Comment: Re:What is the point? (Score 3, Interesting) 86

by jenningsthecat (#48247973) Attached to: Firefox OS Coming To Raspberry Pi

...It's the same as with FFOS on smartphones, it doesn't really solve any problem, even at the low end of the market Android has dirt cheap phones pretty well covered with a proven and already well-established OS.

If FFOS turns out to be any good in any reasonable time frame, (and I too have my doubts about that), then it will solve a big problem for me. I have an Android phone, of whose capabilities I only use about 10%. Why? Because I don't use Google cloud services - I don't trust them as far as I can throw one of their server farms. Because Android apps are security-hole-ridden nightmares whose permissions I have little control over even on my rooted device. Because Google added that POS called MTP and took away the simplicity of USB mass storage.

If FFOS puts some power and control back into my hands, then I'll call it a win even if it's not as powerful or featureful as Android.
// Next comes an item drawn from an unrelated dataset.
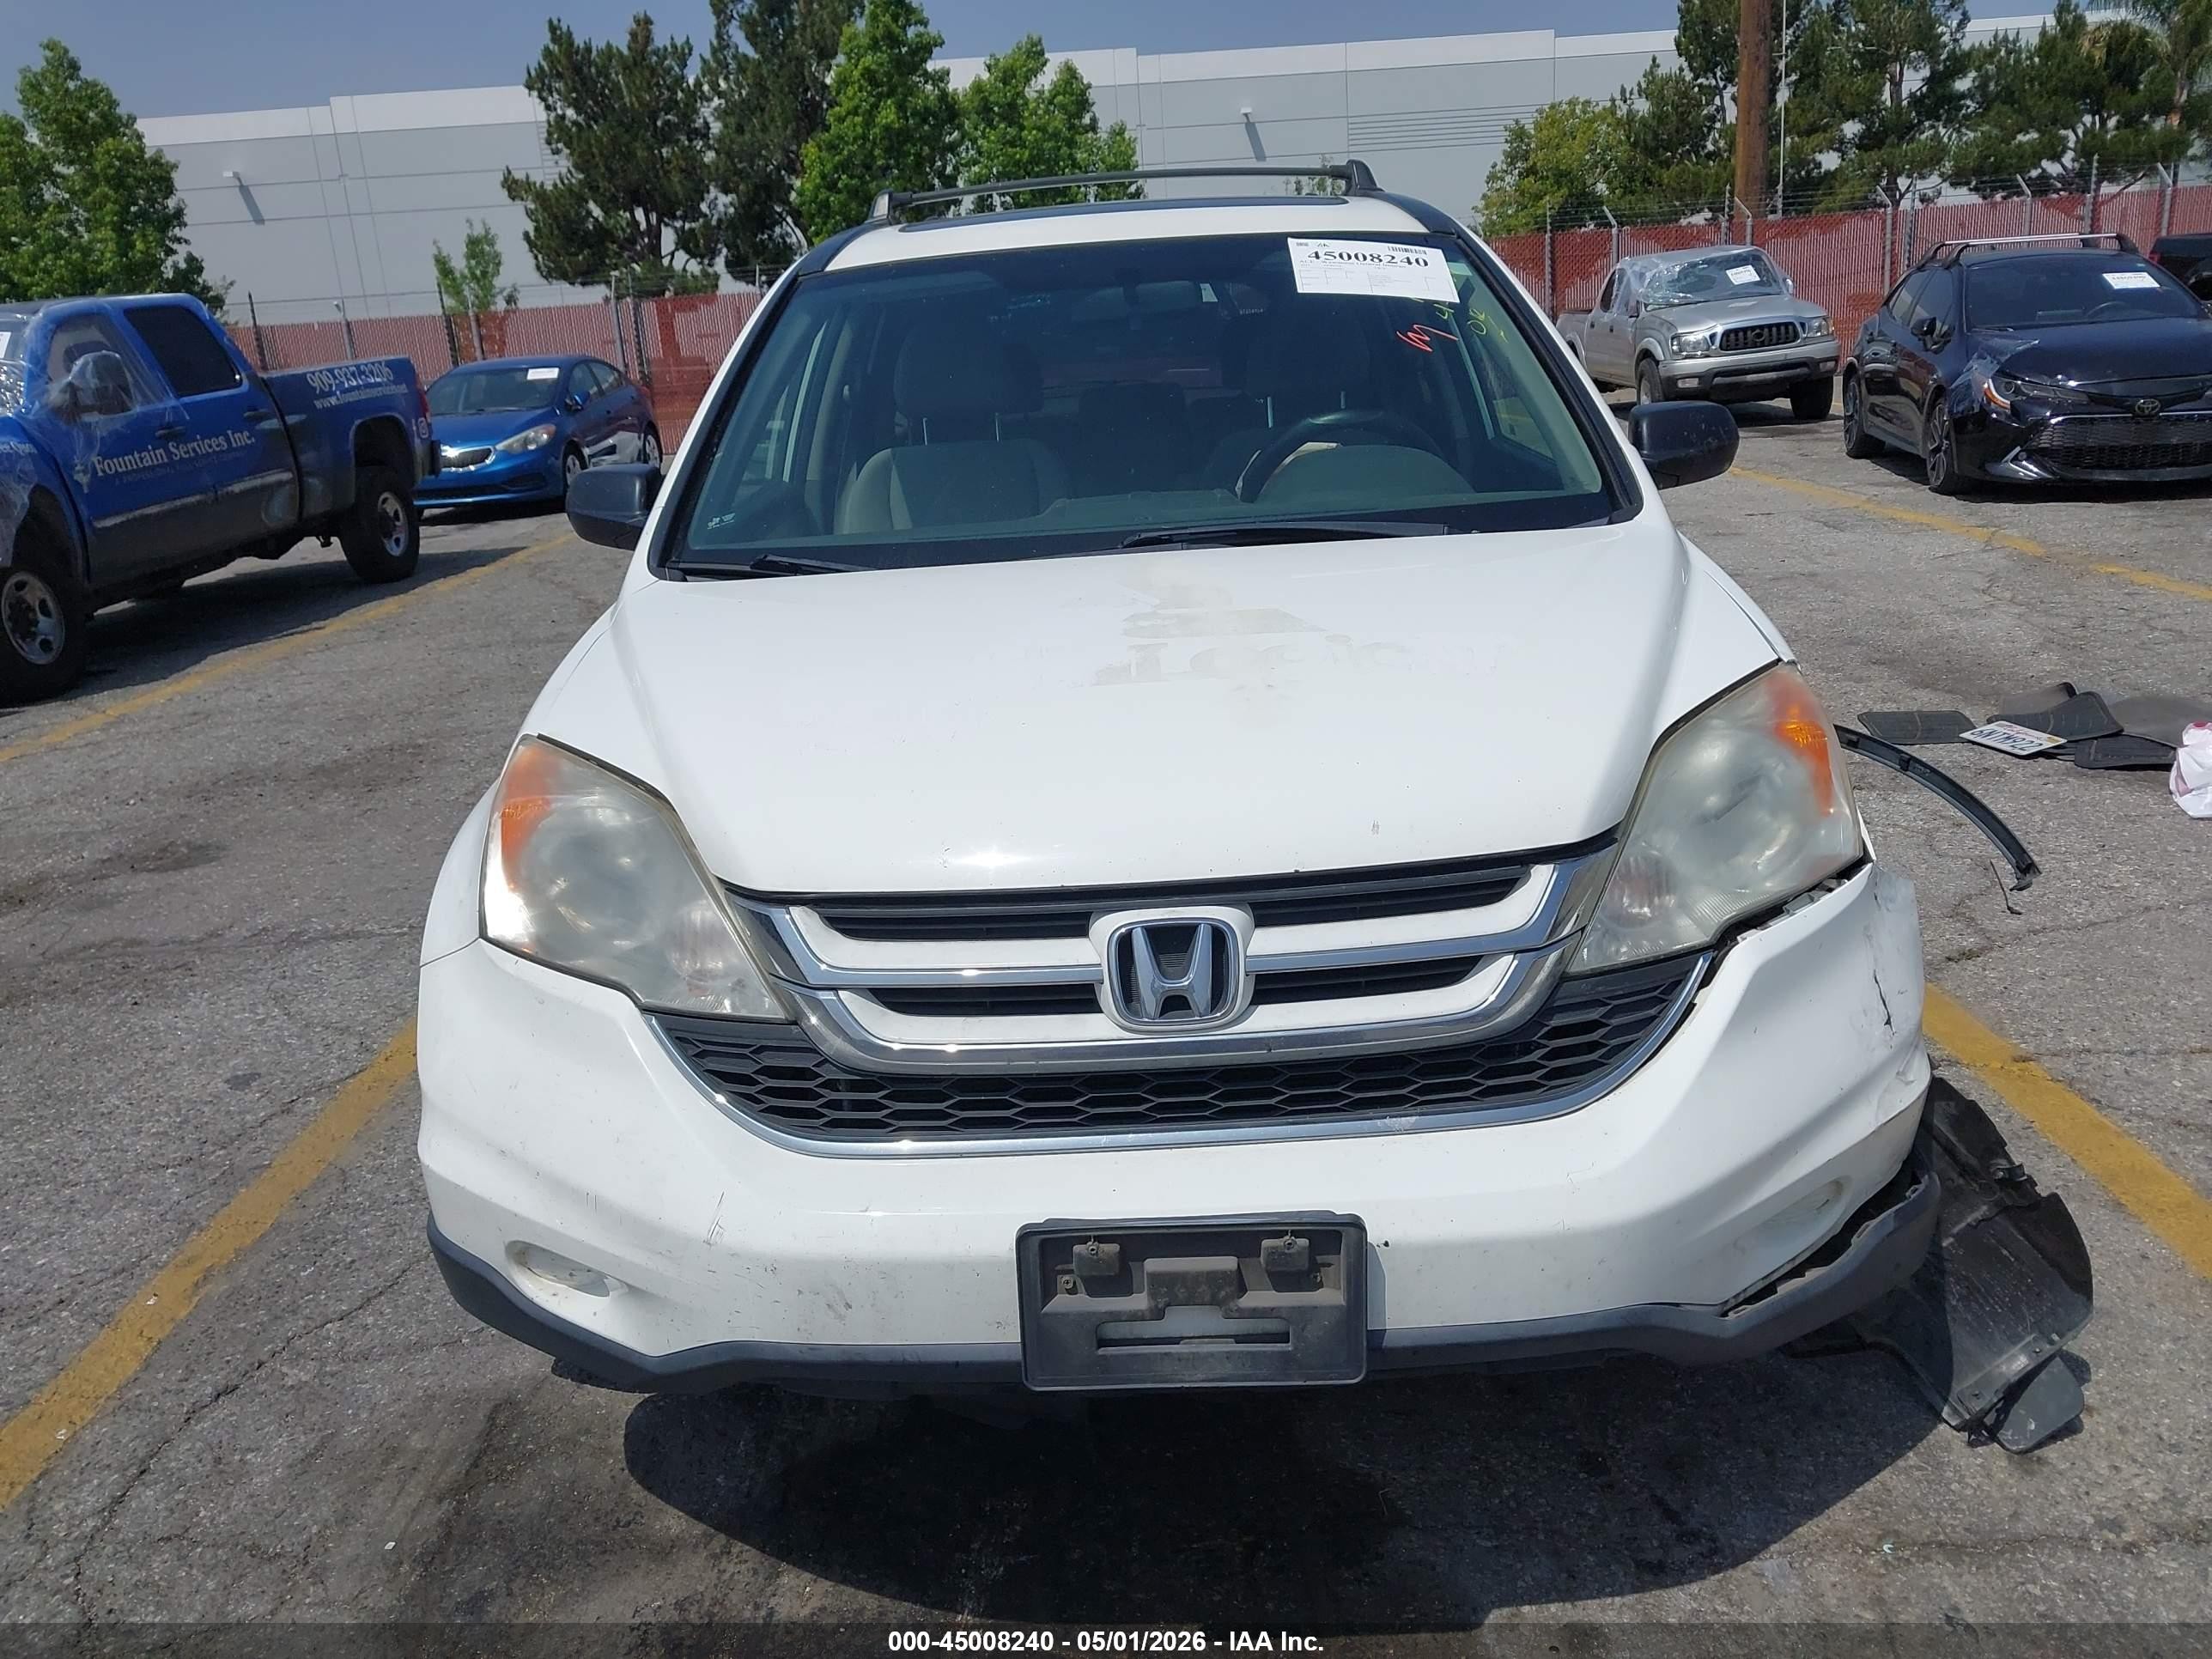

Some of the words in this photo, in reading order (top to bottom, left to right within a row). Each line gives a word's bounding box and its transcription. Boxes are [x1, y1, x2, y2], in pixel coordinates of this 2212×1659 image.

I'm sick and tired of Google's plans for world domination.

Comment: Re:someohow I think (Score 4, Insightful) 211

by jenningsthecat (#48243017) Attached to: "Police Detector" Monitors Emergency Radio Transmissions

...The only reason for needing to know if the police are nearby is if one is a criminal and/or thinking of doing something criminal.

(Expecting downvotes from the "all police are pigs" idiots)

I have mod points right now, but rather than downmod you I'll jump into the discussion. While I wouldn't say that all police are pigs, anybody who maintains that the average law abiding citizen has nothing to fear from the police either has his head in the sand, or is trolling. If your qualifier had read "if one might be viewed as a criminal and/or thinking of doing something that the police claim is suspicious in order to further their own ends", I'd agree with you. But then, there wouldn't have been much of a reason for you to post, would there?

Of course, you may actually believe that Driving While Black, clenching your butt, wearing a backpack with graffiti on it, or carrying cash, are crimes simply because they seem suspicious to fucked-up and/or corrupt police. If that's the case, then shame on you.

Comment: An idea for repurposing prisons (Score 1) 407

by jenningsthecat (#48168407) Attached to: As Prison Population Sinks, Jails Are a Steal

The story before this one is about the best use of data centre space; the juxtaposition made me wonder if prisons might make good data centres. I know adding the wiring and cooling to a building not designed for it might be a challenge, but at least a lot of the security requirements are already present. Just a thought...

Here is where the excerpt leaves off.